══ SUPPLIED ENTRIES ══
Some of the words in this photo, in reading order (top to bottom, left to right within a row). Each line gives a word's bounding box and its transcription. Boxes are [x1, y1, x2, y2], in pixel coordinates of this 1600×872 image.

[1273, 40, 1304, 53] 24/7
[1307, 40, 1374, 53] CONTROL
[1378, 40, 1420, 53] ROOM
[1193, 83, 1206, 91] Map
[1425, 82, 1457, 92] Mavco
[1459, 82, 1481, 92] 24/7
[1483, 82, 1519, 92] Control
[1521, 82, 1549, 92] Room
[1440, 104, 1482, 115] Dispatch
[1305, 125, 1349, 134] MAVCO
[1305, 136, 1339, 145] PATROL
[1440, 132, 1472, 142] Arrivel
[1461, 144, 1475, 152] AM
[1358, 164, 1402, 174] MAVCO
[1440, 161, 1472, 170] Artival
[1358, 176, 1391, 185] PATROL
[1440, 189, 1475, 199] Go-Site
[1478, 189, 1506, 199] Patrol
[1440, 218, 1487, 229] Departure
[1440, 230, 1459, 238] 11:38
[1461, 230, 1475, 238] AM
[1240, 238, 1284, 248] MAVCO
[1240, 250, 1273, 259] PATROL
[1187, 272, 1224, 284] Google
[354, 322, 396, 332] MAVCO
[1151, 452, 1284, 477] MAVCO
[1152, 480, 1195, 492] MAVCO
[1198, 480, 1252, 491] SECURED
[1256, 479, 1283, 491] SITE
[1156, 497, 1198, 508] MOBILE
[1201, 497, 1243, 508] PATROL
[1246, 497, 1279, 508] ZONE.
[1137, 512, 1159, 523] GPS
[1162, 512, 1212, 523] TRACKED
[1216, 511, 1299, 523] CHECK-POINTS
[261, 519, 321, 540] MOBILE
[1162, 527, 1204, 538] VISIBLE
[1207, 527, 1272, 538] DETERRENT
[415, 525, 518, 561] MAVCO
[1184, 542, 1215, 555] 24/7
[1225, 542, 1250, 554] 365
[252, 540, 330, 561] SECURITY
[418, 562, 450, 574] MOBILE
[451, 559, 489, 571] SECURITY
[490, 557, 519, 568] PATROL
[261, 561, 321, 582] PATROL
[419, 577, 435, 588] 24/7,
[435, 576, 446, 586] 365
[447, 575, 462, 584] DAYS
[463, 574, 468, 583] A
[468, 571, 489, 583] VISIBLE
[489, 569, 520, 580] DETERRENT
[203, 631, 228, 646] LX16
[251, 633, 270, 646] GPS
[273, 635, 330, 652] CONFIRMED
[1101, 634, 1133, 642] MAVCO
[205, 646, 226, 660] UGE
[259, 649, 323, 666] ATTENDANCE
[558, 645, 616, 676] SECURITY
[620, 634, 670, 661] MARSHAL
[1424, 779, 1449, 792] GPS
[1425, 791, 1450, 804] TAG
═══
An exact retyping of the full listing is required.

Some of the words in this photo, in reading order (top to bottom, left to right within a row). Each line gives a word's bounding box and its transcription. Boxes are [x1, y1, x2, y2], in pixel coordinates of this 1600×872 image.

[1273, 40, 1304, 53] 24/7
[1307, 40, 1374, 53] CONTROL
[1378, 40, 1420, 53] ROOM
[1193, 83, 1206, 91] Map
[1425, 82, 1457, 92] Mavco
[1459, 82, 1481, 92] 24/7
[1483, 82, 1519, 92] Control
[1521, 82, 1549, 92] Room
[1440, 104, 1482, 115] Dispatch
[1305, 125, 1349, 134] MAVCO
[1305, 136, 1339, 145] PATROL
[1440, 132, 1472, 142] Arrivel
[1461, 144, 1475, 152] AM
[1358, 164, 1402, 174] MAVCO
[1440, 161, 1472, 170] Artival
[1358, 176, 1391, 185] PATROL
[1440, 189, 1475, 199] Go-Site
[1478, 189, 1506, 199] Patrol
[1440, 218, 1487, 229] Departure
[1440, 230, 1459, 238] 11:38
[1461, 230, 1475, 238] AM
[1240, 238, 1284, 248] MAVCO
[1240, 250, 1273, 259] PATROL
[1187, 272, 1224, 284] Google
[354, 322, 396, 332] MAVCO
[1151, 452, 1284, 477] MAVCO
[1152, 480, 1195, 492] MAVCO
[1198, 480, 1252, 491] SECURED
[1256, 479, 1283, 491] SITE
[1156, 497, 1198, 508] MOBILE
[1201, 497, 1243, 508] PATROL
[1246, 497, 1279, 508] ZONE.
[1137, 512, 1159, 523] GPS
[1162, 512, 1212, 523] TRACKED
[1216, 511, 1299, 523] CHECK-POINTS
[261, 519, 321, 540] MOBILE
[1162, 527, 1204, 538] VISIBLE
[1207, 527, 1272, 538] DETERRENT
[415, 525, 518, 561] MAVCO
[1184, 542, 1215, 555] 24/7
[1225, 542, 1250, 554] 365
[252, 540, 330, 561] SECURITY
[418, 562, 450, 574] MOBILE
[451, 559, 489, 571] SECURITY
[490, 557, 519, 568] PATROL
[261, 561, 321, 582] PATROL
[419, 577, 435, 588] 24/7,
[435, 576, 446, 586] 365
[447, 575, 462, 584] DAYS
[463, 574, 468, 583] A
[468, 571, 489, 583] VISIBLE
[489, 569, 520, 580] DETERRENT
[203, 631, 228, 646] LX16
[251, 633, 270, 646] GPS
[273, 635, 330, 652] CONFIRMED
[1101, 634, 1133, 642] MAVCO
[205, 646, 226, 660] UGE
[259, 649, 323, 666] ATTENDANCE
[558, 645, 616, 676] SECURITY
[620, 634, 670, 661] MARSHAL
[1424, 779, 1449, 792] GPS
[1425, 791, 1450, 804] TAG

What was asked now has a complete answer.